Published Online: 02 Apr 2022
Volume & Issue: Volume 76 (2022) - Issue 1 (January 2022)
Page range: 97 - 103
Received: 20 Apr 2021
Accepted: 23 Sep 2021
Journal Details
License
Format
Journal
eISSN
1732-2693
First Published
20 Dec 2021
Publication timeframe
1 time per year
Languages
English
Abstract Introduction

P-element induced wimpy testis-like 2 (Piwil2) is in the Piwi gene family. Piwil2 has important roles in the self-renewal mechanism of stem cell induction and progression of numerous types of human malignancies such as lung, breast, colon, prostate, and cervical cancers. Glutathione S-transferase (GST) acts as detoxification in cancer metabolism. This study aimed to investigate the effects of the stem cell protein Piwil2 on MCF10A and MCF-7 at the GST activity levels.

Materials/Methods

MCF-7/Piwil2 and MCF10A/Piwil2, transfected with a plasmid carrying the Piwil2 gene, and non-transfected MCF-7 and MCF10A were cultured in a complete DMEM/F12 medium. GST A1 and P1 activity was determined in these cell lines using as substrates CDNB, EA respectively.

Results

According to experimental results, GST P1 activity decreased in the MCF-7/Piwil2 cells as compared with the non-transfected MCF-7 cells, however, MCF-7/Piwil2 cells demonstrated increases in GST A1 (total GST) activity. The statistically significant differences were found for the comparison of non-transfected MCF-7 and MCF-7/Piwil2 (p<0,0001), for GST enzyme activities by using CDNB and EA as substrates.
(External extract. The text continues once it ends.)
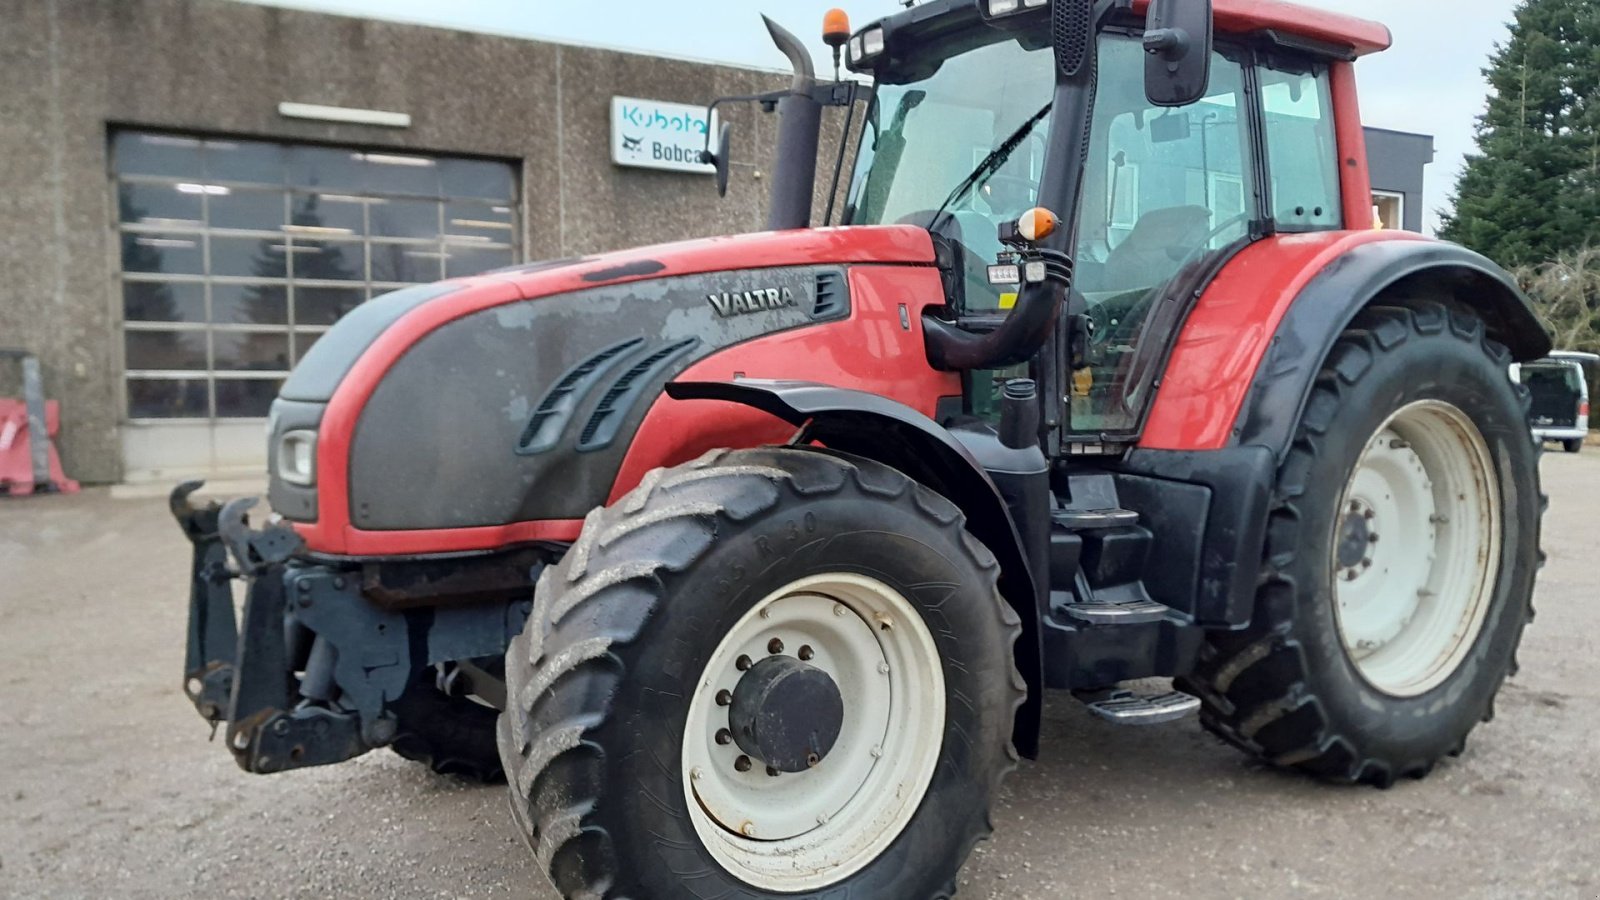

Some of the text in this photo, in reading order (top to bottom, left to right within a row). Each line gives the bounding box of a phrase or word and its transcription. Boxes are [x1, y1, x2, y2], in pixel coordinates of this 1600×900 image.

These results were the same for the MCF10A cell line.

Discussion

It is shown for the first time that transfection studies may affect GST activity at the cellular mechanism level. The study contributes to determining the effect of transfection on GST isoenzymes and also how the Piwil2 gene may affect GST activity in the stem cell line.

Keywords

Introduction

The glutathione S-transferase supergene family (GST; EC 2.5.1.18) is part of the group of multipurpose enzymes that provide cellular enzyme protection against endogenous and exogenous chemicals. The conjugation activity of GST mediates the detoxification reaction. This detoxification potential can be increased by GSH and xenobiotic-induced by its production.

In eukaryotic and prokaryotic organisms, GSTs are divided into cytosolic GST, mitochondrial GST, and microsomal GSTs [1]. GST isoenzymes synthesized from human tissues consist of Alpha (α), Mu (µ), Pi (π), Sigma (σ), Theta (θ), Kappa (κ), Omega (ω) and Zeta (ζ) gene families. Each of the gene families’ GSTs differ in substrate and inhibitor specificity patterns. Cytosolic GST consists of a large number of protein subunits. These proteins are encoded by different genes: GST a (GST A1, A2, A3, A4, GST 9.9 and GST x), GST l (GST M1, M2, M3, M4, and M5), GST p (GST P1), GST h (GST T1 and T2) [2]. All GST classes are structurally different from each other. However, the common feature of these GST classes is to reduce the pKa of the GSH’s tiol group from 9.0 to 6.0 to 6.9. Thus, it strengthens the nucleophilic attack of GSH against electrophilic co-substrates [3].

GSTs metabolize the side effects of cancer chemotherapy drugs, insecticides, herbicides, and by-products of oxidative stress. They are also of interest to pharmacologists and toxicologists as they provide targets for anti-asthma and anti-tumour drug therapies. Excessive GST activity in human cancer cells has been associated with the ability to fight chemotherapy drugs and carcinogens [2].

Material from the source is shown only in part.